The Price of Certainty

1280495_tulipsIn the Melbourne Mercer Global Pension Index, Canada stood out amongst most of its peers for the adequacy, sustainability and integrity of its pension system – that three-legged stool of universal state benefits (OAS/GIS), compulsory contributions to a state pension (CPP/QPP) and voluntary workplace coverage (RPPs/RRSPs).

But Australia and the Netherlands ranked higher (so did Sweden), in part because of mandatory workplace pension schemes.

The Netherlands ranked first. Its mandatory workplace coverage, which could be defined contribution or defined benefit, comes with a target income replacement rate.

That target income replacement rate has caused a bit of a kerfuffle, according to a post at Pension Pulse. But it’s one familiar to DB pension sponsors. How do you maintain pension promises when liabilities are aging faster than assets can grow to match them?

Notes Martin van Dalen, a portfolio manager in the investment department of the Dutch Social Security Organization: “Pension funds have to report on their coverage ratio on a quarterly basis. And this is where the problems start.”

De Nederlandsche Bank publishes the discount factor monthly. Imagine a quarterly mark-to-market valuation of a plan, and no three-year smoothing cycle, nor any legislative permission to make good a plan deficit on a five or 10-year basis. Among the strictures:

“• Less than 100%: you’ve got a problem, you have to submit a recovery plan outlining how you are going to get back to at least 100%.

• 100% – 105%: no indexation of pensions and accrued pension rights allowed.

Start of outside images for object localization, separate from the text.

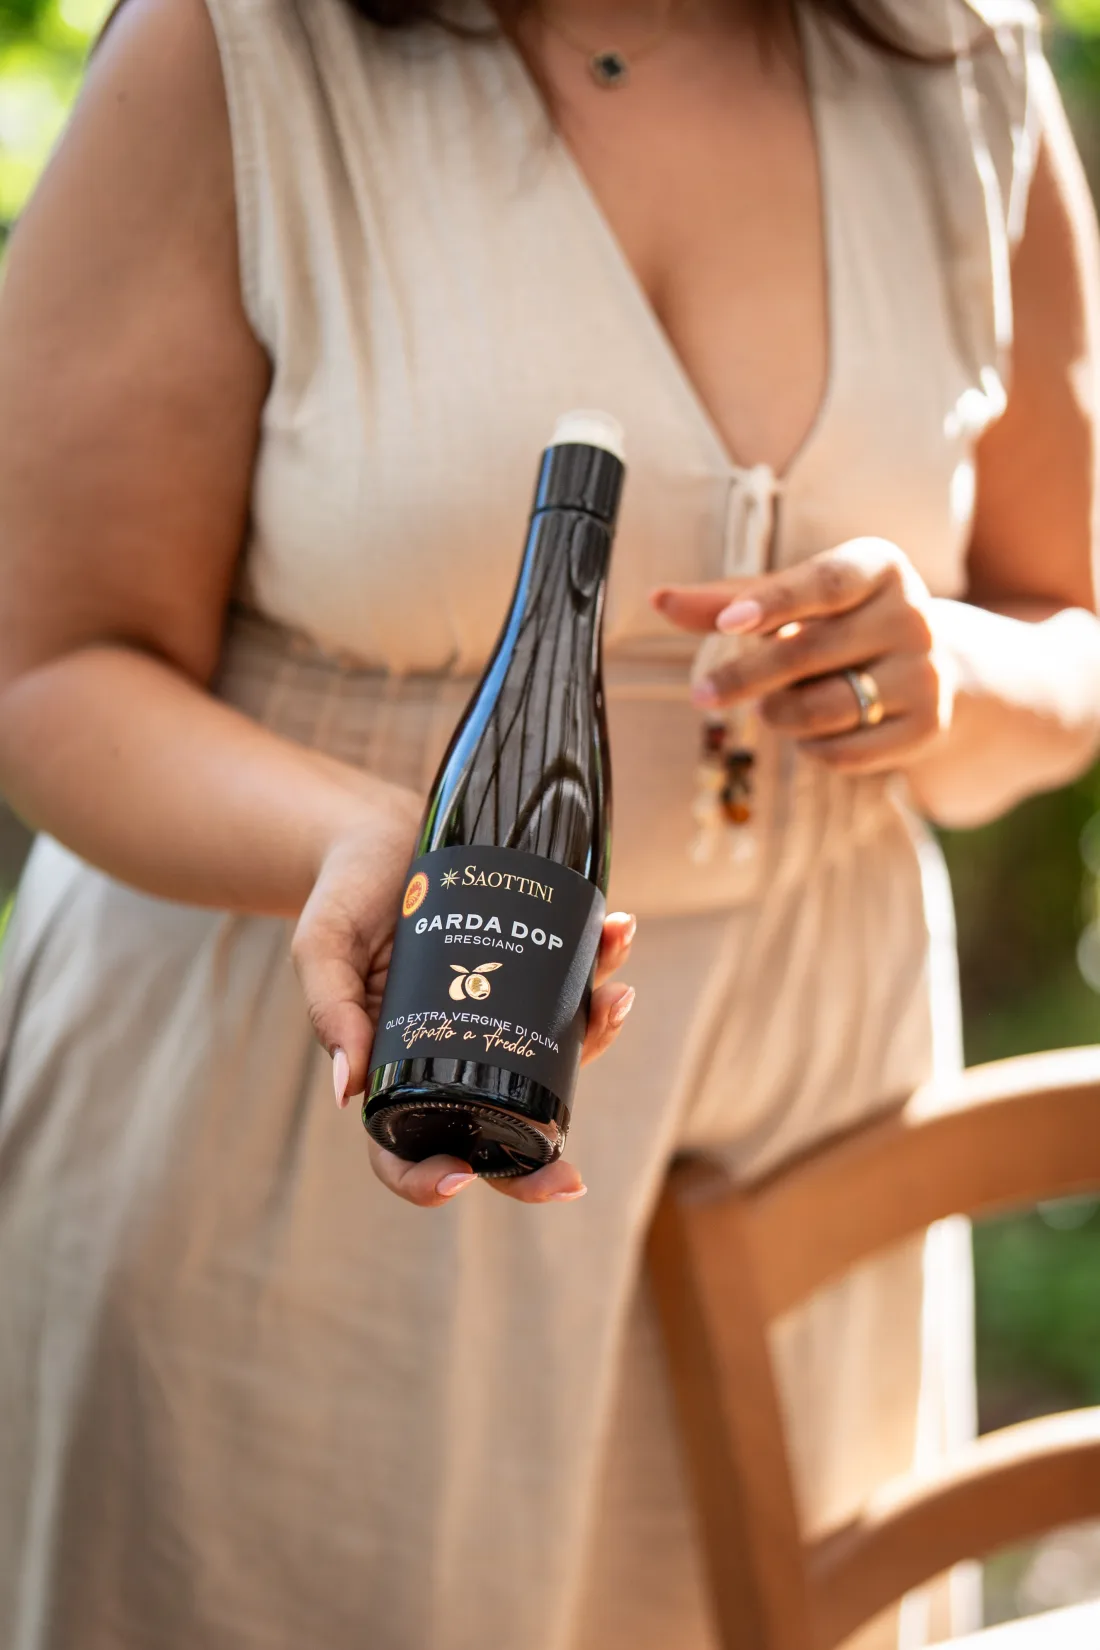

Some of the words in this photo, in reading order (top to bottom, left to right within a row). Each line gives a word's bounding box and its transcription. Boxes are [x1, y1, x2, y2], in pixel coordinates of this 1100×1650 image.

[461, 865, 555, 903] SAOTTINI
[415, 913, 502, 935] GARDA
[511, 921, 564, 951] DOP
[444, 934, 524, 954] BRESCIANO
[386, 1016, 405, 1030] OLIO
[407, 1011, 447, 1023] EXTRA
[452, 1011, 512, 1032] VERGINE
[515, 1025, 528, 1037] DI
[531, 1031, 560, 1054] OLIVA
[402, 1019, 457, 1050] Estratto
[463, 1029, 477, 1041] a

• 105% – 125%: only partial indexation allowed.
• 125% – 145%: full indexation allowed.
• Over 145%: compensation of previous missed indexation allowed.”

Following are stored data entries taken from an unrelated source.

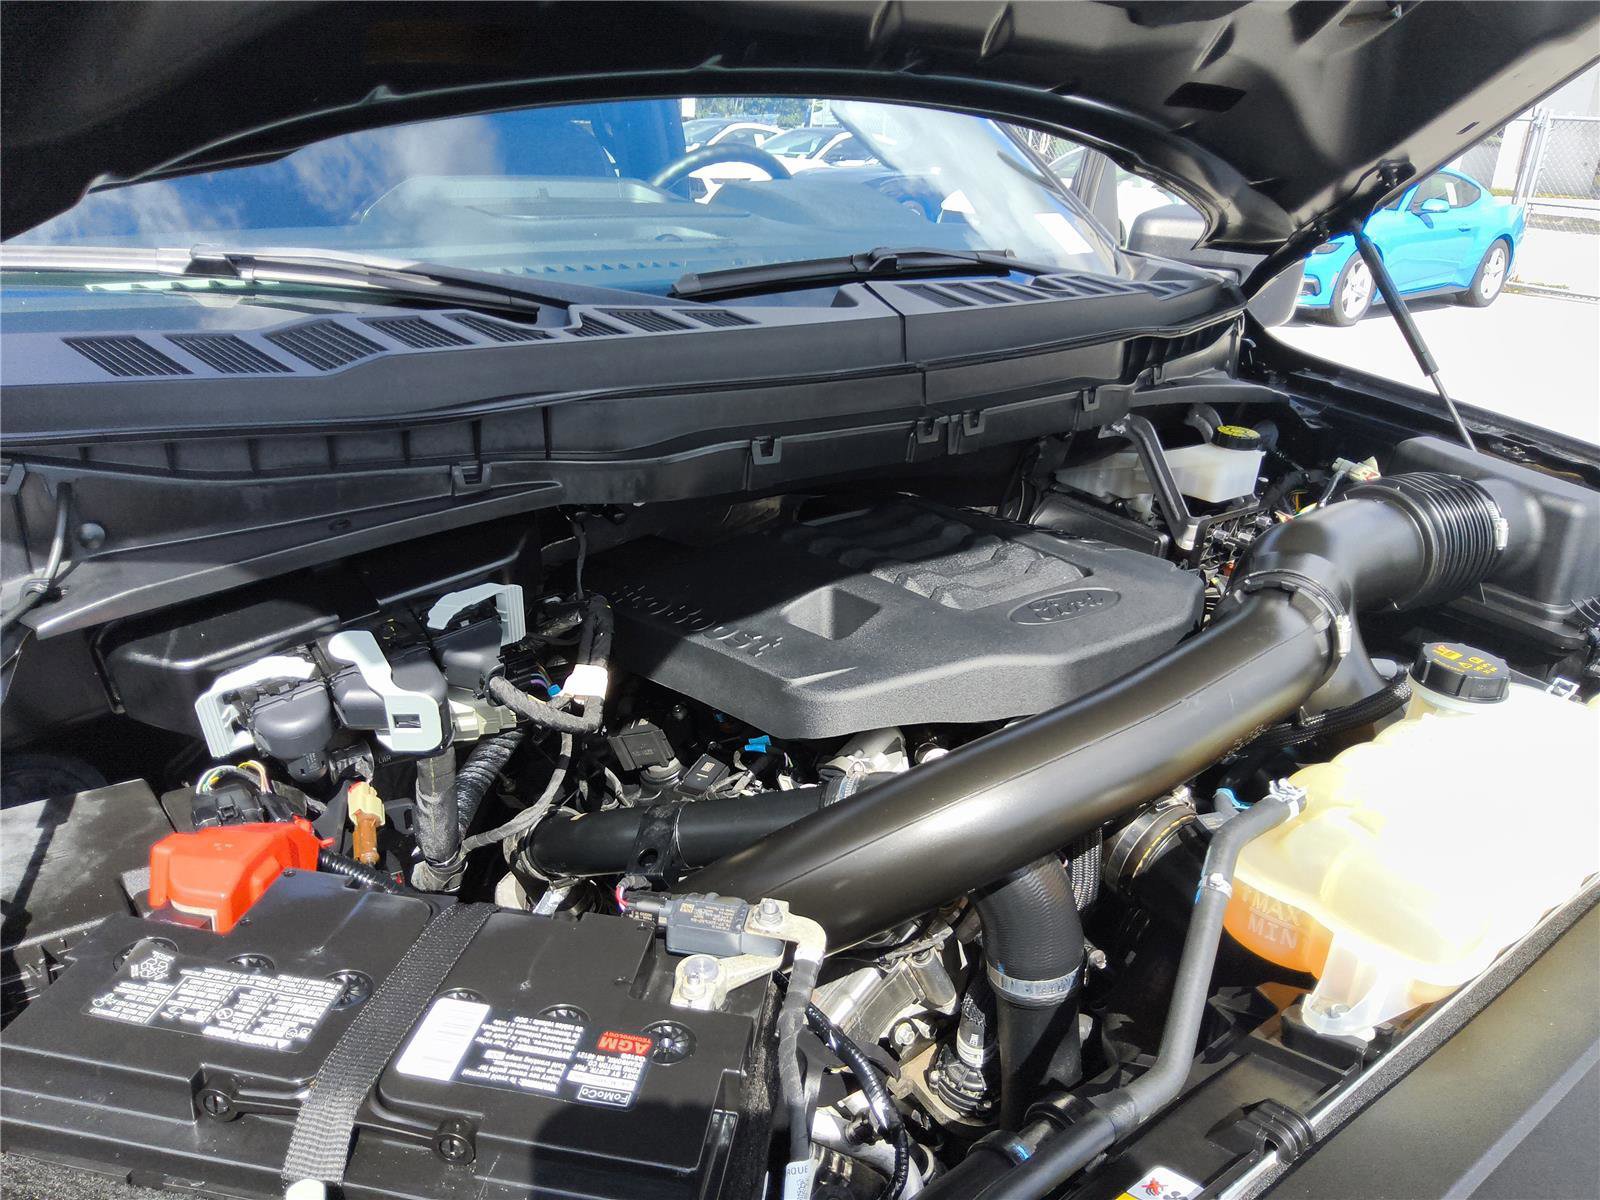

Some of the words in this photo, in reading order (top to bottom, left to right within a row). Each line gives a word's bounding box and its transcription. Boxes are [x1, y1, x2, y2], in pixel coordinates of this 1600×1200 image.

[1027, 592, 1104, 621] Ford
[1251, 893, 1301, 926] MAX
[1248, 913, 1297, 949] MIN
[598, 1036, 649, 1054] AGM
[603, 1031, 651, 1043] TECHNOLOGY
[581, 1088, 628, 1102] FoMoCo
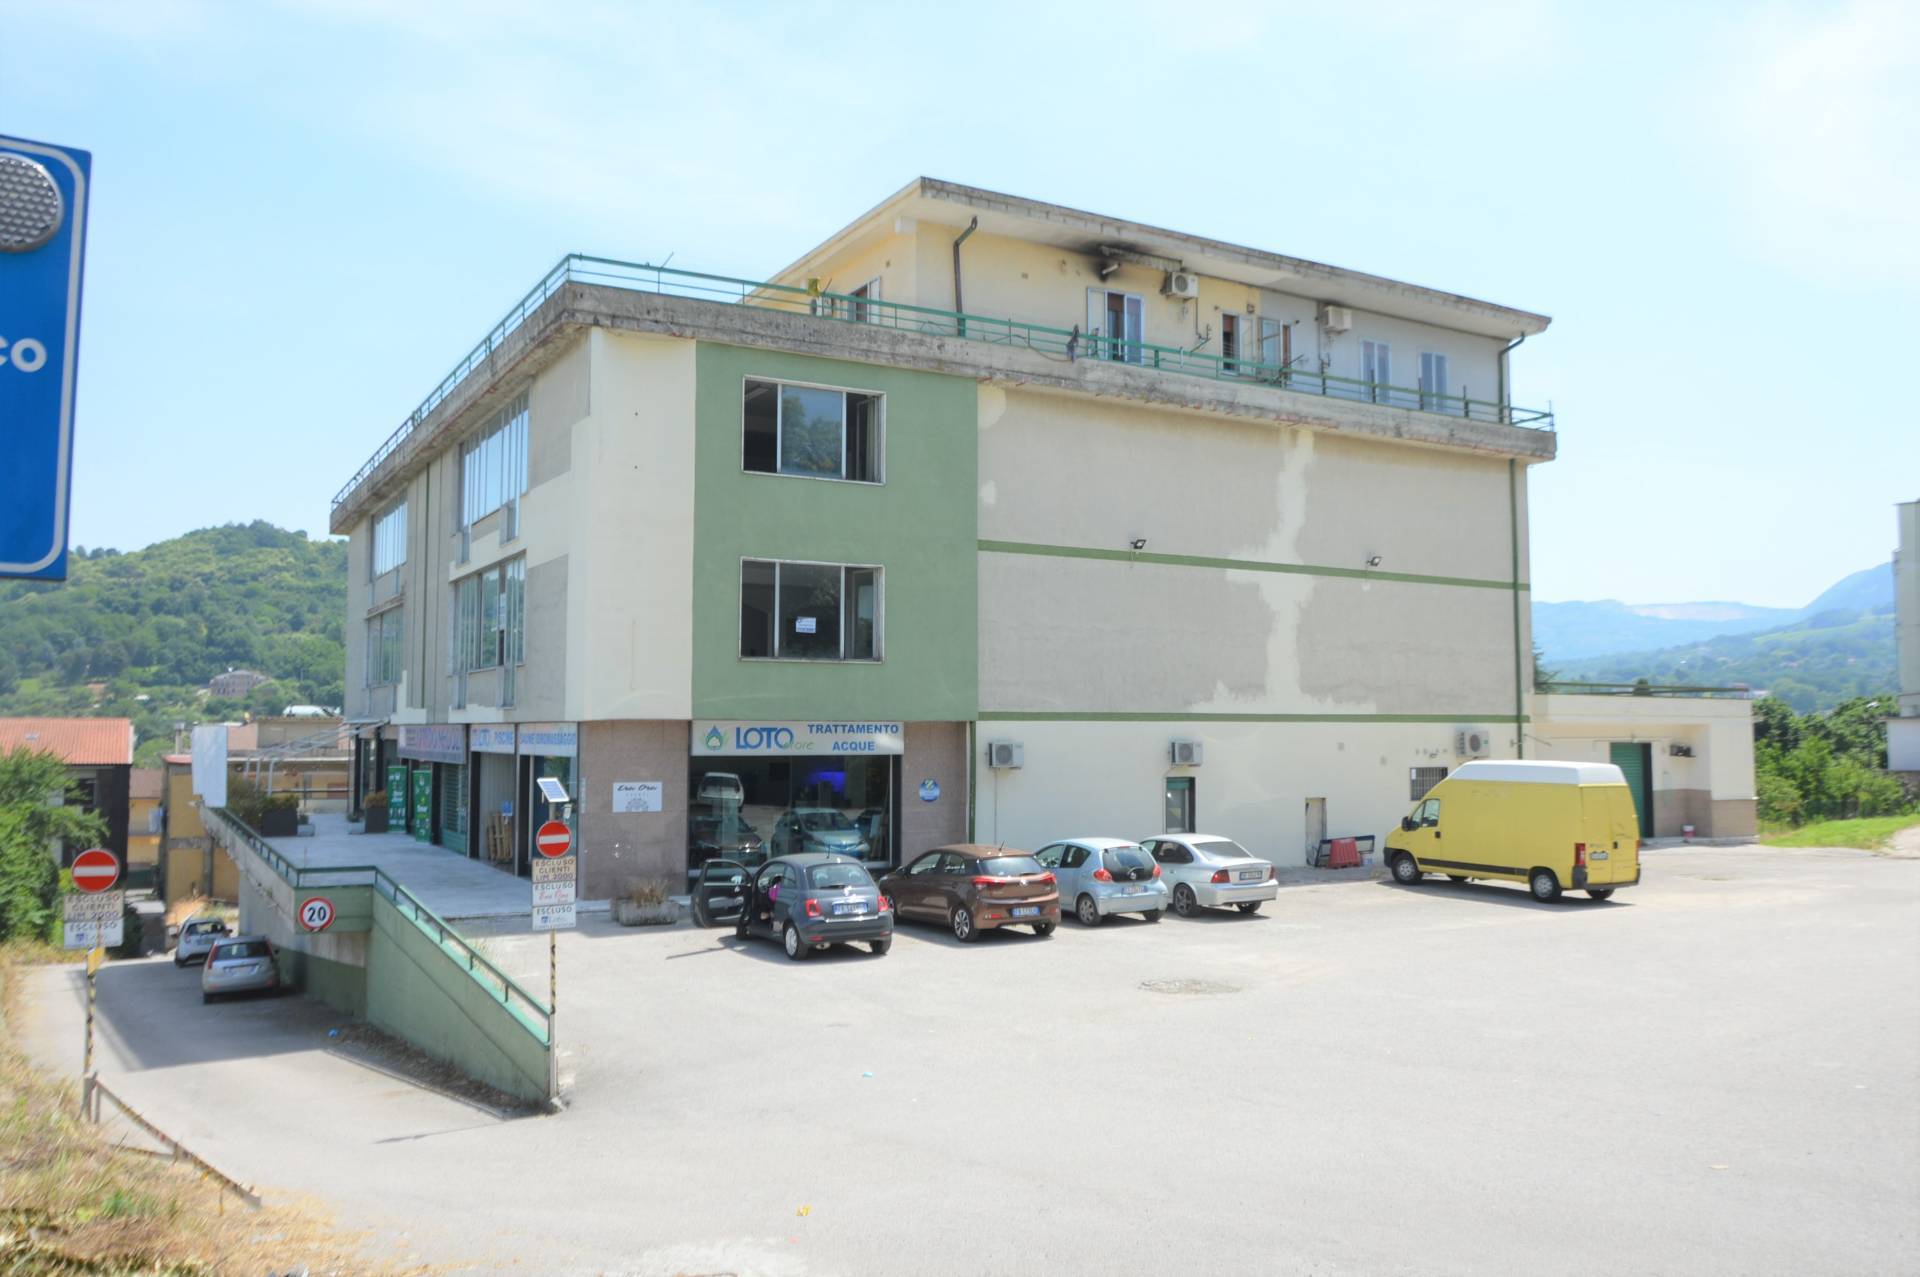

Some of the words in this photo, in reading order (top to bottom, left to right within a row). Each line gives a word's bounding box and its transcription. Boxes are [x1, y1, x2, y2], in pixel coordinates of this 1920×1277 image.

[0, 335, 47, 373] o
[807, 723, 899, 735] TRATTAMENTO
[735, 726, 794, 750] LOTO
[832, 740, 876, 752] ACQUE
[535, 859, 575, 867] ESCLUSO
[535, 883, 574, 891] ESCLUSO
[67, 895, 120, 904] ESCLUSO
[72, 903, 115, 912] CLIENTI
[536, 906, 573, 915] ESCLUSO
[307, 906, 327, 922] 20

Now, van Dalen reports, “DNB issued a statement to the effect that 12 to 14 pension funds had such a low coverage ratio that they should cut their current pensions and their accrued pension rights by, depending on the fund in question, 1% to as much as 14%, starting as soon as January 1, 2011.” That covers 700,000 pensioners and employees.

Of course, falling stock prices have contributed. But so has the flight to quality, which affects Dutch bonds no less than other top-drawer debt instruments. Yet, there are odd kinks, van Dalen argues:

“There is something funny about the DNB yield curve. It currently tops at about 20 years at 3.60%, but is significantly lower for later years: 3.10% at the end of the curve.”

In any case, the route to full funding may lead to some unpleasant surprises. “Let’s assume that the duration of the liabilities of a typical pension funds is 15 to 20 years…. Theoretically, the ALM manager could tell the asset manager to invest in a first-rate bond portfolio with the same duration: 100% Dutch government bonds. You’d have a lovely hedge: both liabilities and assets would bob up and down on the waves of the Dutch yield curve. But at this moment that would entail accepting a hideously low YTM: less than 3% on average, across the entire length of the curve. The price such a pension fund would pay for (a lot of) certainty as to its coverage ratio, would be an annual contribution that neither the employed participants nor the sponsor would want to find out.”

Yet, if they were to find out, it might contribute to a better understanding of the pension promise – for the promisers and the promised.